英米を中心に現代から古典まで、海外の作品を英語で読み、論評をくわえるブログです

Kent Haruf の "Eventide"(2)

 Kent Haruf の "Eventide" は心にしみる佳作なのだが、涙を飲んで減点材料を挙げると、まず長編としての骨格をなす主筋が弱い。前作 "Plainsong" では、高校教師の息子たちの「トム・ソーヤーとハックルベリー・フィンの冒険を連想させる」物語と、「女子高校生が妊娠してから出産するまでの紆余曲折」という二本の大きな柱があり、しかもそれがどちらも変化に富んだ推進力のあるものだった。

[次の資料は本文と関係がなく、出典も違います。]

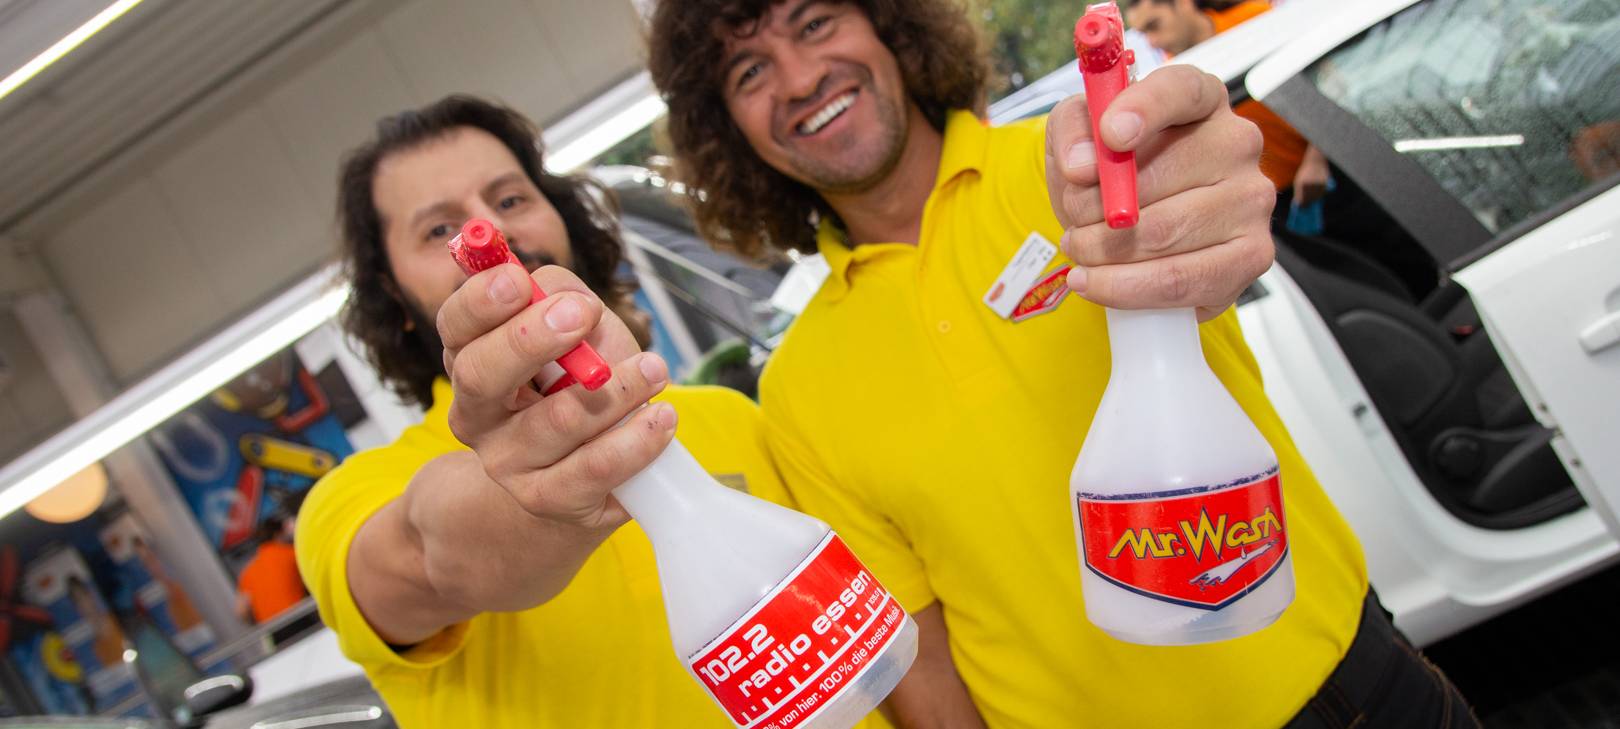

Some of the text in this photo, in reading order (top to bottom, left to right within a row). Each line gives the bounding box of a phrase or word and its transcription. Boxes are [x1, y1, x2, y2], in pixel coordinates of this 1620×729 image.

ところが、この "Eventide" では話の流れが幾筋にも分散しているため、全体として強烈なインパクトに欠ける結果となっている。
 むろん、作者がいくつもの人生を同時に並行して描くことで、いわば短編集に近い長編を書こうとしていることは分かる。前と同じ人物を登場させながら、視点だけでなく構成までも一新することにより、シリーズ物にありがちなマンネリ化を防ぐねらいも読みとれる。
 だが、ここには「幸福な人間はほとんど一人も登場しない」。それは言い換えれば、大なり小なり似たような人物しか出てこない、ということでもある。「どの場面からも嘆きの声が聞こえてくる」のはいいのだが、いささか一本調子になってしまったのが残念。
 けれども、そこにはやはり「本物の悲哀がこもっている」。ぼくとしては、この点を大いに評価したい。今日はついケチをつけてしまったが、これはいわば重箱の隅をつつくようなもの。好きな女には、ただ「好きだよ」と言うだけでいい。次回は、とりわけ気に入った場面について書くことにしよう。